◆ **Data to use**:
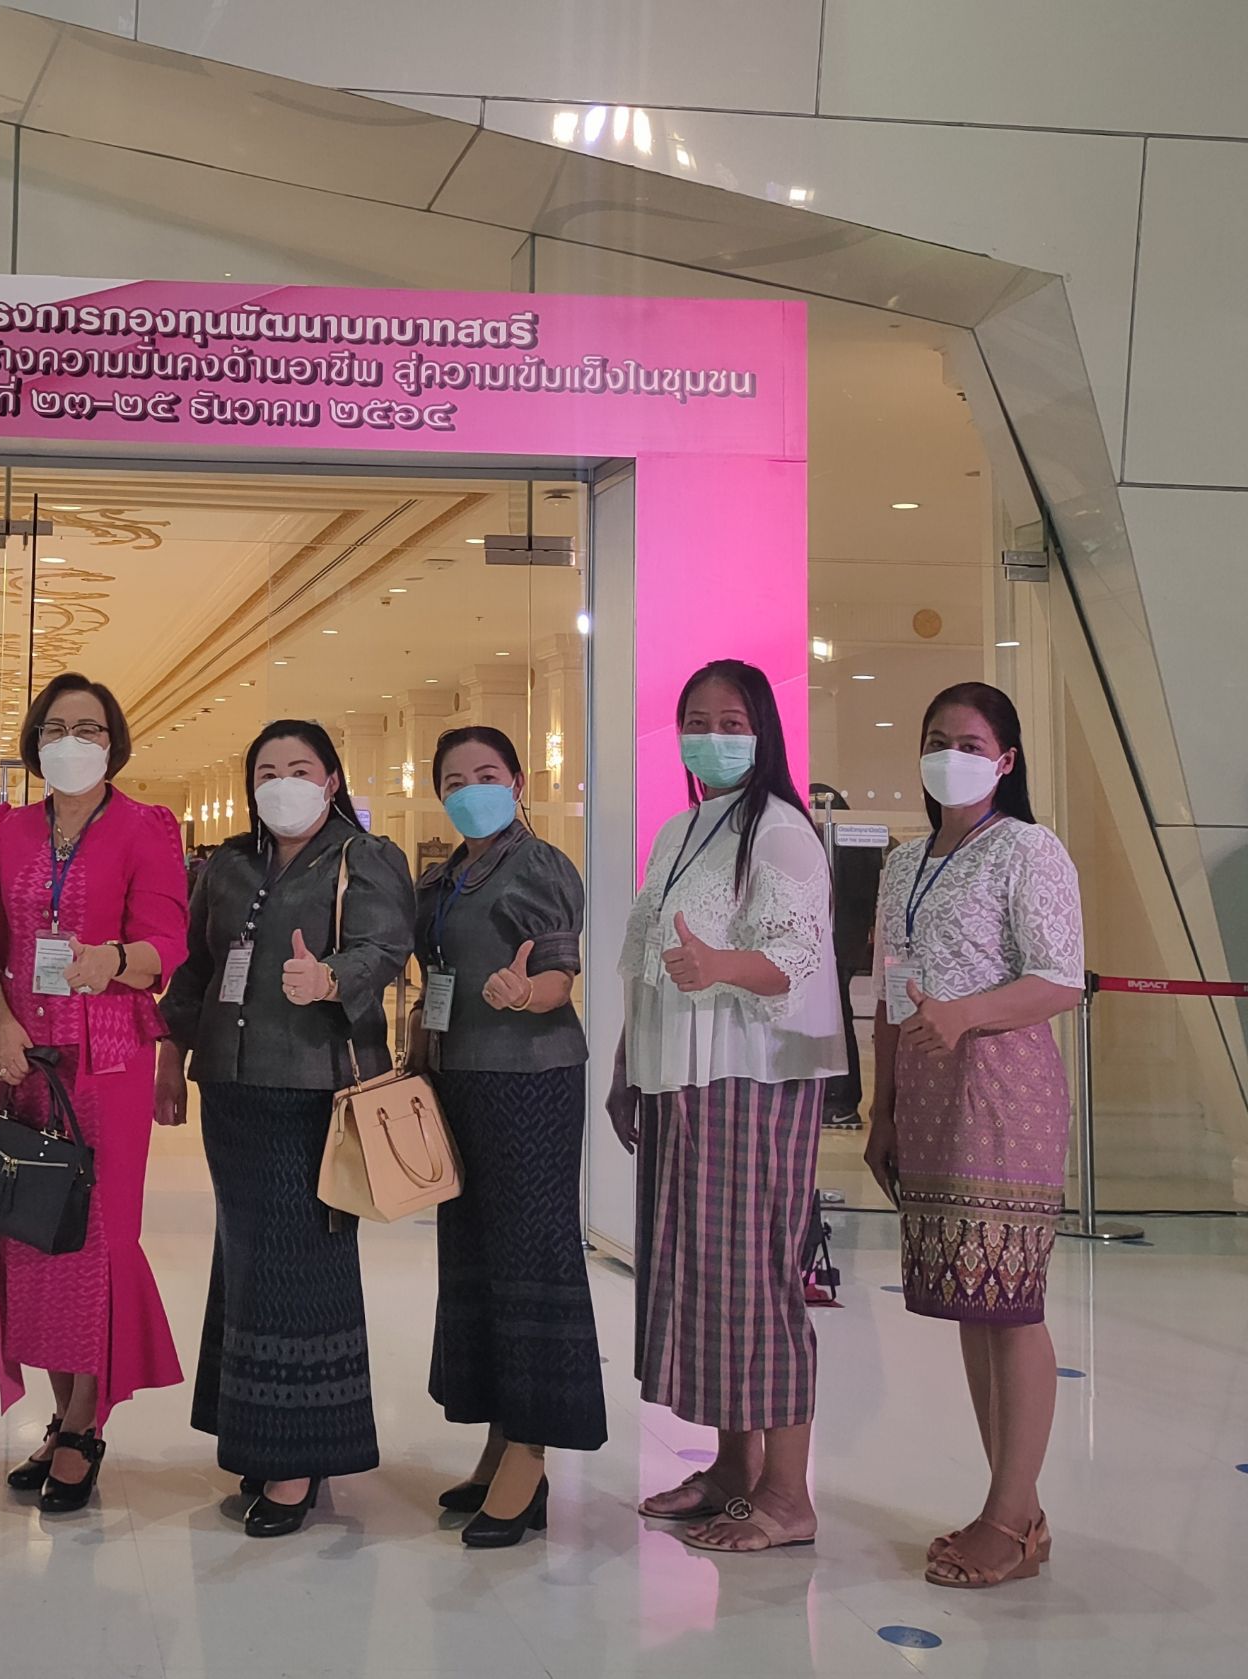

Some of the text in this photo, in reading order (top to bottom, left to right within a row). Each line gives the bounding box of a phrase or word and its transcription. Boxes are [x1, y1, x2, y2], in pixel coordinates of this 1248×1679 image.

[394, 352, 753, 400] สู่ความเข้มแข็งในชุมชน
[190, 391, 314, 421] ธันวาคม
[329, 399, 452, 426] ๒๕๖๔
[1127, 980, 1169, 991] IMPACT
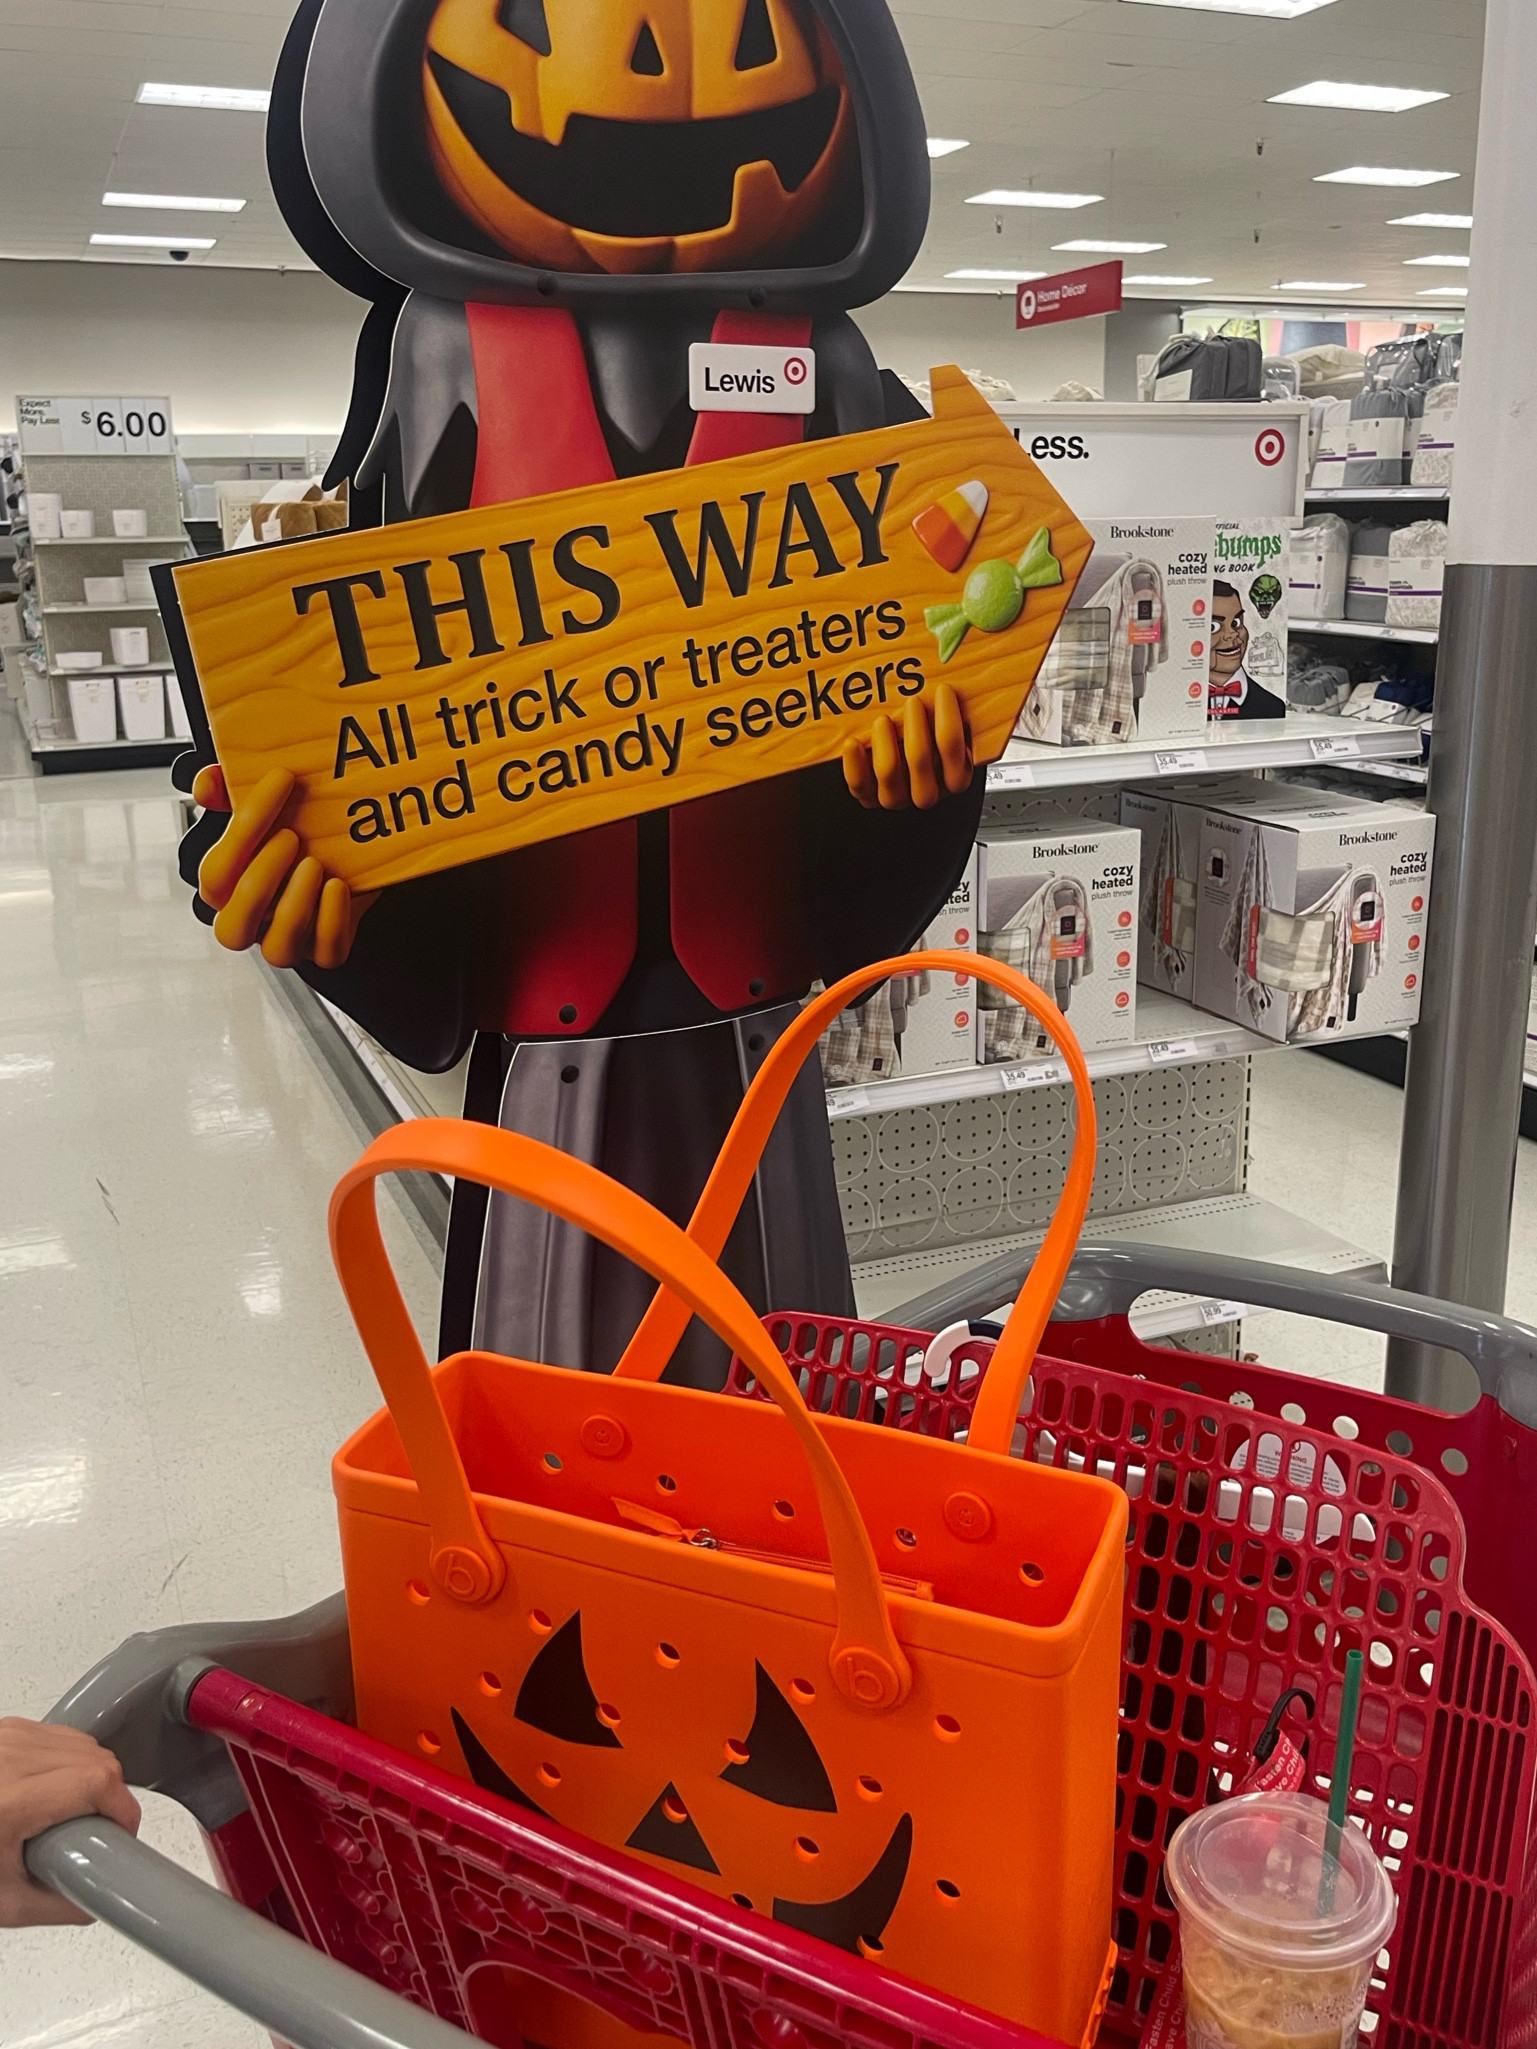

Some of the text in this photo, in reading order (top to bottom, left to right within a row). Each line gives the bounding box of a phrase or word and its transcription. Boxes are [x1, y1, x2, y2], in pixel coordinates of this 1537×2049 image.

[705, 366, 775, 394] Lewis
[1110, 525, 1175, 539] Brookstone
[1215, 531, 1282, 569] bumps
[1178, 552, 1208, 564] cozy
[291, 462, 901, 689] THIS WAY
[1168, 563, 1208, 575] heated
[1228, 563, 1256, 573] BOOK
[1167, 578, 1187, 586] plush
[333, 599, 908, 780] All trick or treaters
[346, 655, 927, 845] and candy seekers
[1125, 798, 1158, 813] Brookstone
[1205, 816, 1243, 835] Brookstone
[1339, 831, 1398, 847] Brookstone
[1032, 843, 1099, 859] Brookstone
[1400, 851, 1428, 864] cozy
[1103, 865, 1134, 877] cozy
[1390, 861, 1427, 877] heated
[954, 880, 970, 892] zy
[1092, 875, 1133, 890] heated
[1388, 875, 1427, 887] plush throw
[945, 892, 970, 905] ted
[1091, 889, 1134, 901] plush throw
[949, 906, 970, 914] throw
[1256, 1756, 1286, 1787] asten
[1159, 1976, 1177, 2008] Child

◆ **Work instruction**: The records above need to be printed in full and exactly, without any of the pictures.

◆ **Response box**:
Some of the text in this photo, in reading order (top to bottom, left to right within a row). Each line gives the bounding box of a phrase or word and its transcription. Boxes are [x1, y1, x2, y2], in pixel coordinates of this 1248×1679 image.

[394, 352, 753, 400] สู่ความเข้มแข็งในชุมชน
[190, 391, 314, 421] ธันวาคม
[329, 399, 452, 426] ๒๕๖๔
[1127, 980, 1169, 991] IMPACT

Some of the text in this photo, in reading order (top to bottom, left to right within a row). Each line gives the bounding box of a phrase or word and its transcription. Boxes are [x1, y1, x2, y2], in pixel coordinates of this 1537×2049 image.

[705, 366, 775, 394] Lewis
[1110, 525, 1175, 539] Brookstone
[1215, 531, 1282, 569] bumps
[1178, 552, 1208, 564] cozy
[291, 462, 901, 689] THIS WAY
[1168, 563, 1208, 575] heated
[1228, 563, 1256, 573] BOOK
[1167, 578, 1187, 586] plush
[333, 599, 908, 780] All trick or treaters
[346, 655, 927, 845] and candy seekers
[1125, 798, 1158, 813] Brookstone
[1205, 816, 1243, 835] Brookstone
[1339, 831, 1398, 847] Brookstone
[1032, 843, 1099, 859] Brookstone
[1400, 851, 1428, 864] cozy
[1103, 865, 1134, 877] cozy
[1390, 861, 1427, 877] heated
[954, 880, 970, 892] zy
[1092, 875, 1133, 890] heated
[1388, 875, 1427, 887] plush throw
[945, 892, 970, 905] ted
[1091, 889, 1134, 901] plush throw
[949, 906, 970, 914] throw
[1256, 1756, 1286, 1787] asten
[1159, 1976, 1177, 2008] Child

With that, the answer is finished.